The referee hopped the plane headed for the Caribbean, swimming trunks packed with his whistle for three days of fun-in-the-sun disguised as work. His five-star hotel was gorgeous -- complete with waves crashing into the beach just outside his window.

 

And as he sat in the hot tub enjoying fruity drinks at the all-inclusive resort, he thought to himself he was really living nice, officiating one exhibition per day for the college team with which he made the NCAA-allowed foreign trip.

The best part?

The referee didn't pay for a thing.

The university footed the entire bill.

And isn't this an obvious conflict of interest?

"Yeah, probably," said one college coach who recently took two officials on a foreign trip but declined to speak on the record about the subject. "I could see why it might be a conflict of interest. But everybody does it and it's been going on forever."

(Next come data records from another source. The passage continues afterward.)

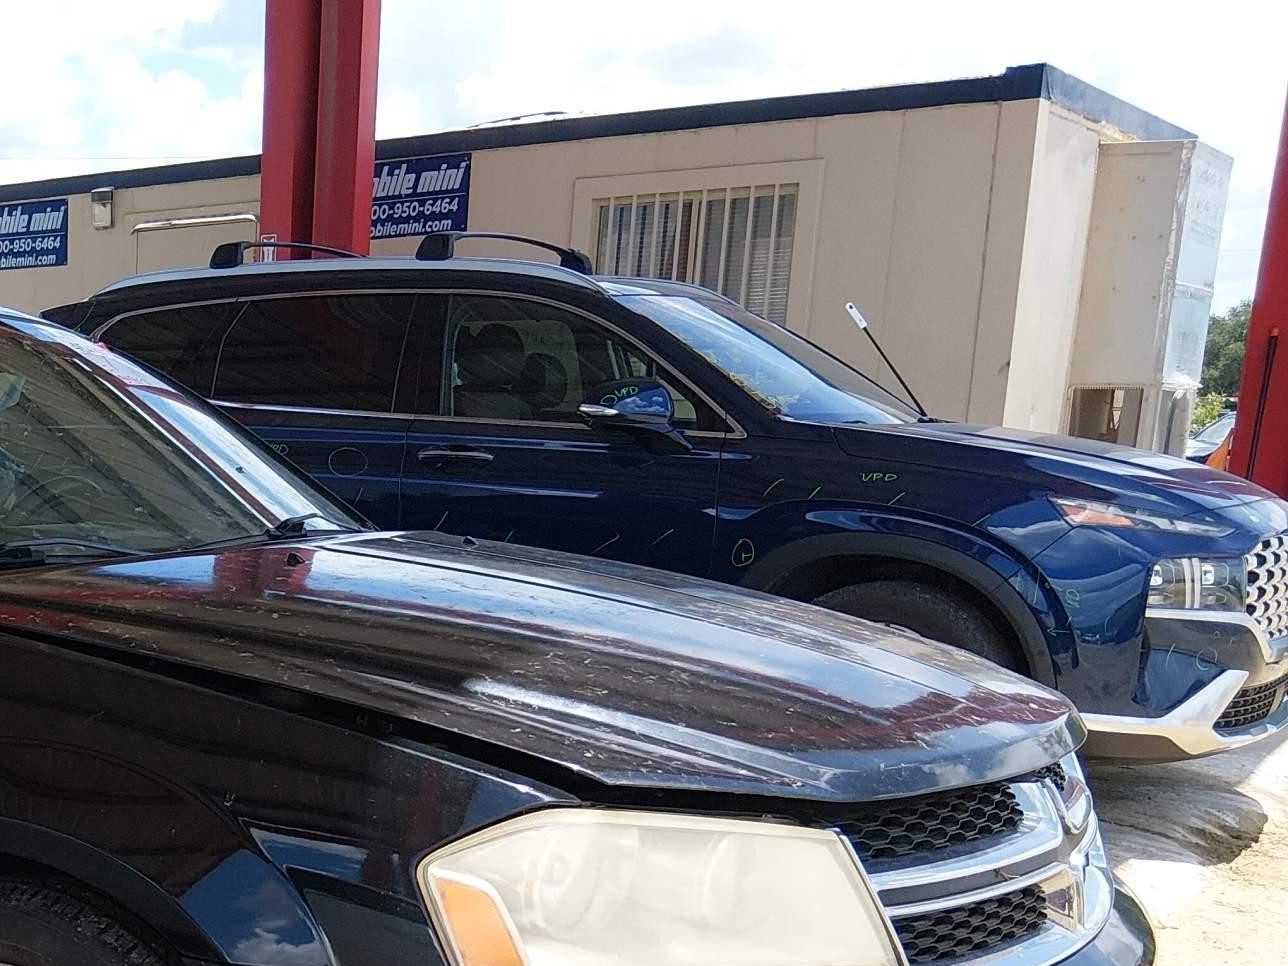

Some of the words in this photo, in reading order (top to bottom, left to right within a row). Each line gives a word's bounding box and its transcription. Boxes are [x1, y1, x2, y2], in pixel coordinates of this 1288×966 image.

[372, 163, 416, 198] obile
[416, 161, 467, 193] mini
[29, 206, 65, 232] mini
[370, 197, 459, 220] 00-950-6464
[370, 218, 452, 237] obilemini.com
[862, 472, 898, 482] VPD

The Tim Donaghy gambling scandal that rocked the NBA has produced many subplots, among them Donaghy's assertion in a court document that improper relationships between referees and league officials (such as players, coaches and scouts) could influence the outcomes of games. Naturally, the theory was immediately dismissed by David Stern.

But it seemed to me Donaghy was making a decent point, and it got me thinking about the college game and how unusual relationships between referees and schools could similarly influence the outcomes of games.

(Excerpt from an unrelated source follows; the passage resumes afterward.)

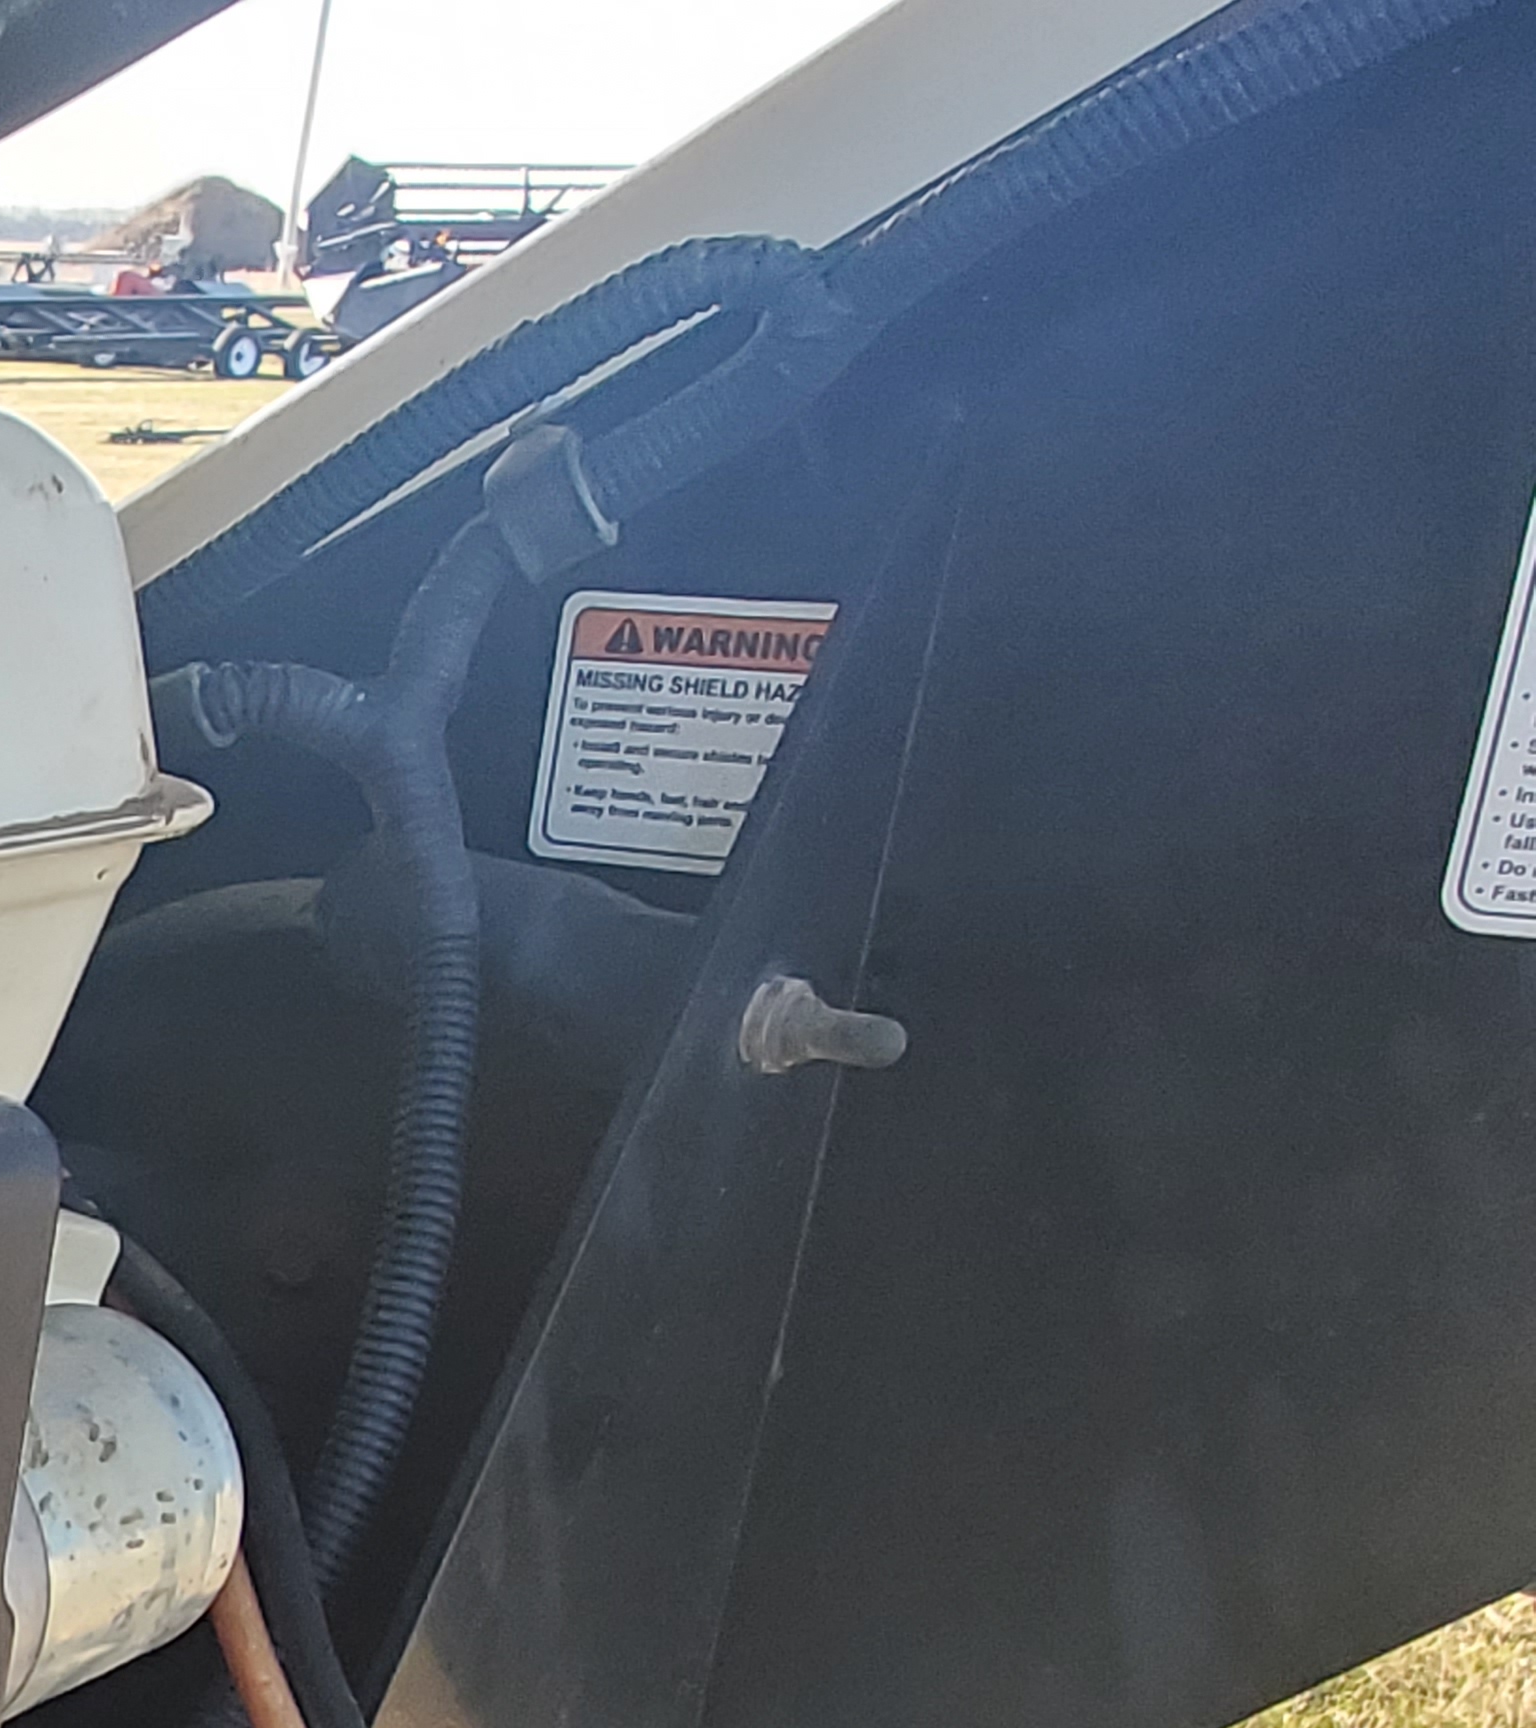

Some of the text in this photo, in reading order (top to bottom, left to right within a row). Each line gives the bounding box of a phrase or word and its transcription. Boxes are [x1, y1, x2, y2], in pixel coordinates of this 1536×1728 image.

And by relationships, I mean actual business relationships.

College basketball programs, you see, regularly hold intrasquad scrimmages in the fall and during the season, and it's common for NCAA referees to officiate those scrimmages. In fact, I couldn't find a single coach in a random poll at the LeBron James Skills Academy earlier this month who doesn't use NCAA referees for scrimmages, and the going rate for an hour of work is somewhere between $100 and $200, most acknowledged.

Furthermore, schools also typically take referees on foreign trips, meaning referees enjoy what is basically a vacation to Mexico or Europe or Canada every year with schools paying all their expenses. So what we have are referees making thousands of extra dollars per year from schools -- and taking all-expenses-paid trips out of the country with teams -- and then calling games featuring the same schools from which they literally receive paychecks.

It's a questionable practice, particularly when you think of it in these terms: Let's pretend a referee took a summer trip with, say, John Pelphrey and Arkansas to Cancun. It's all-expenses paid, all the food and drinks he can handle in exchange for officiating three games over a five-day period. Now let's pretend that same referee, who lives in the Fayetteville area, also works 10 scrimmages for Arkansas during the preseason at $150 each. And now let's pretend it's December, and that same referee is assigned to an Arkansas-Oklahoma game, and Pelphrey is out of the coach's box, going crazy, stomping his foot, screaming and yelling about a call.